An image-free reproduction of the data below is needed: print it exactly.

------------------------------------------------------------

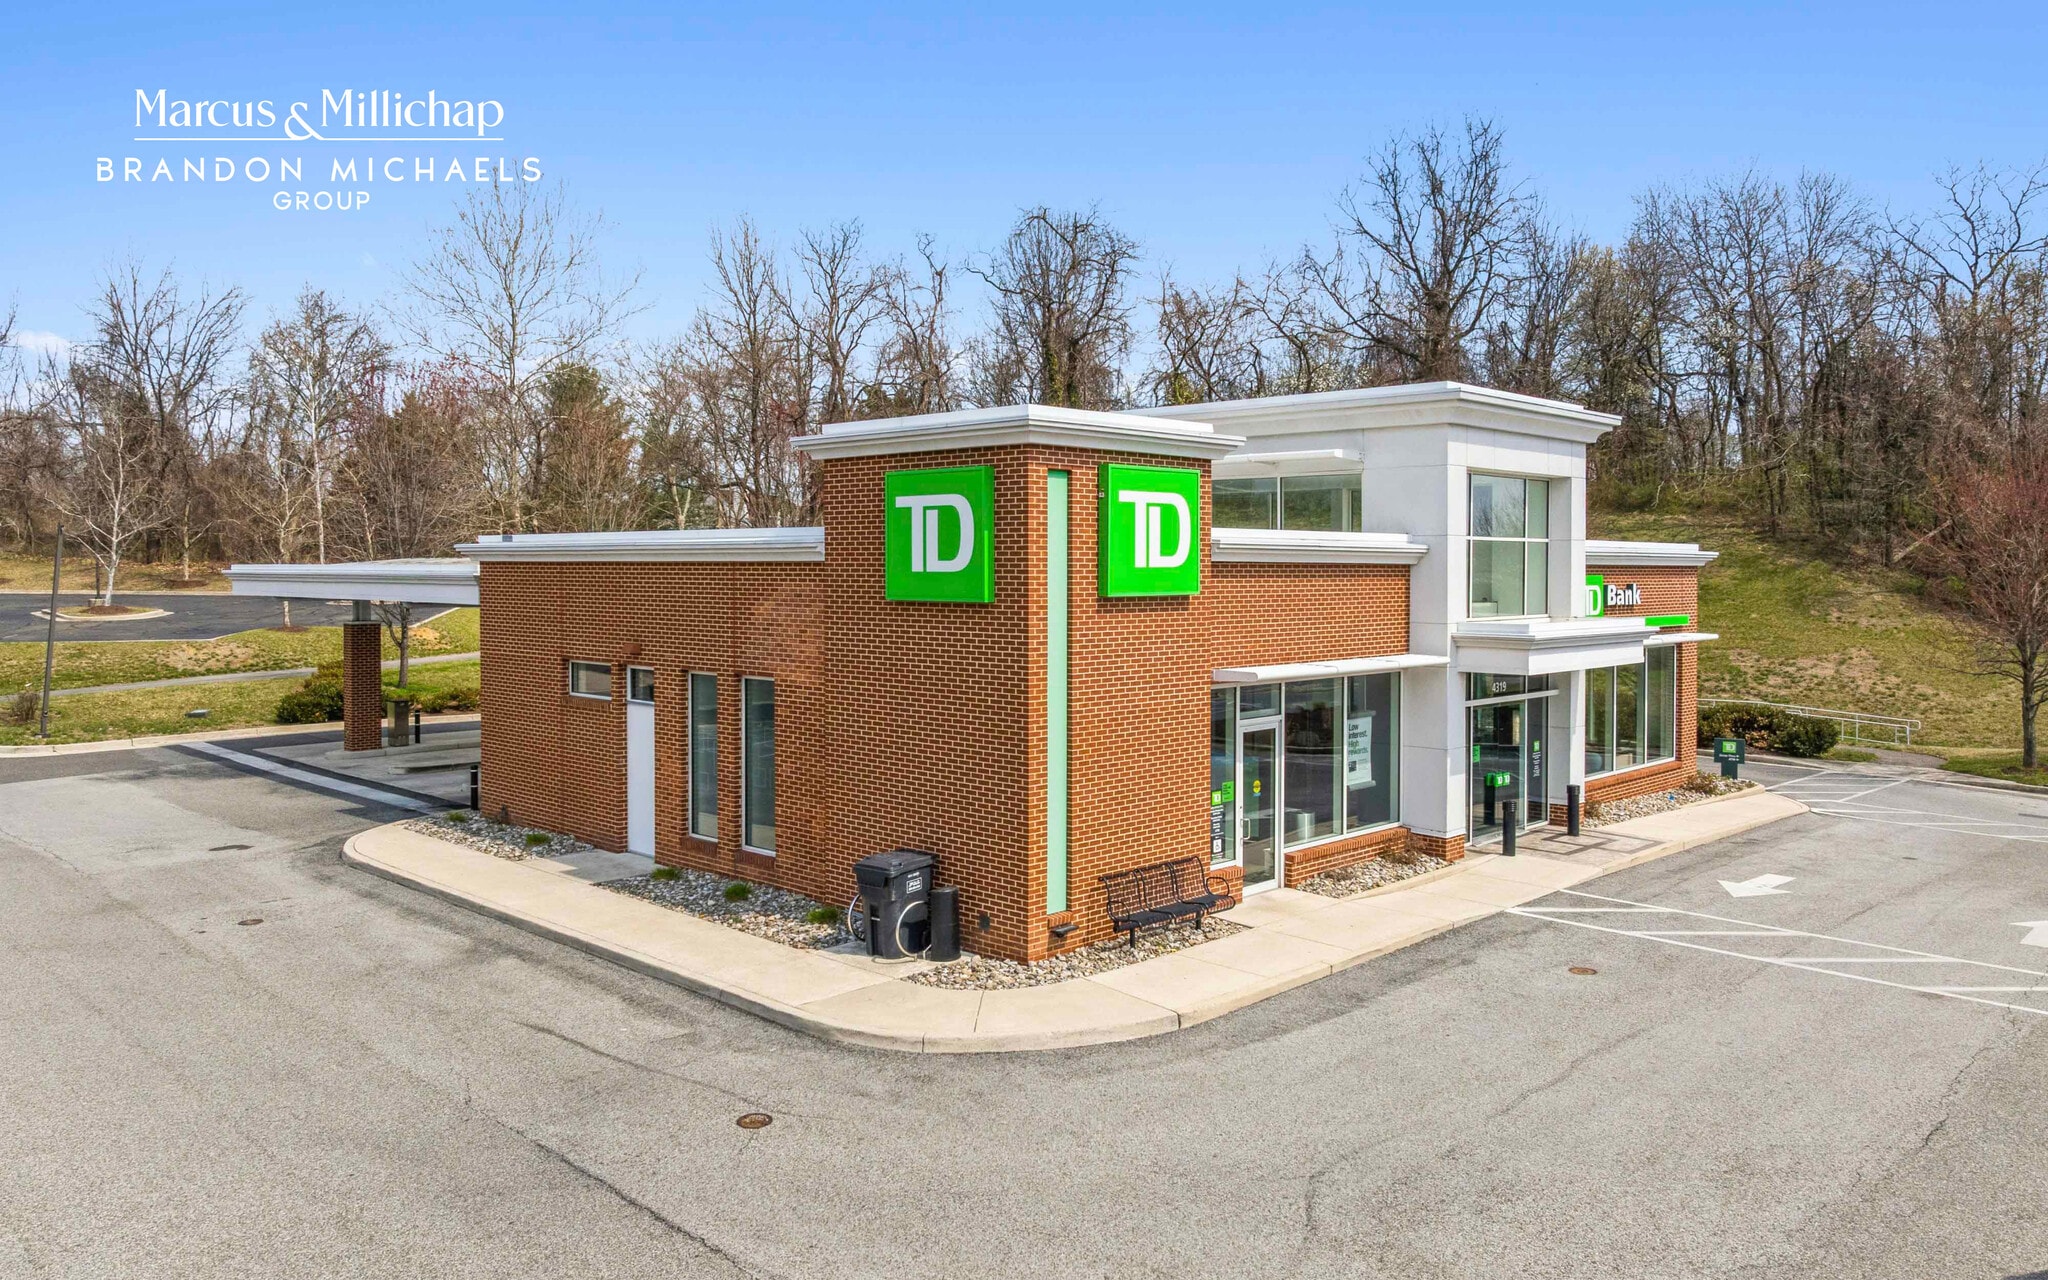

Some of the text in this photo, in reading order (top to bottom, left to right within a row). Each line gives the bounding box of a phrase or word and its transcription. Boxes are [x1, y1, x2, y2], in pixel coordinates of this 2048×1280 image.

[895, 493, 975, 572] TD
[1118, 489, 1192, 568] TD
[1607, 583, 1642, 606] Bank
[1491, 681, 1507, 693] 4319

------------------------------------------------------------

TASK RESPONSE →
Some of the text in this photo, in reading order (top to bottom, left to right within a row). Each line gives the bounding box of a phrase or word and its transcription. Boxes are [x1, y1, x2, y2], in pixel coordinates of this 2048×1280 image.

[895, 493, 975, 572] TD
[1118, 489, 1192, 568] TD
[1607, 583, 1642, 606] Bank
[1491, 681, 1507, 693] 4319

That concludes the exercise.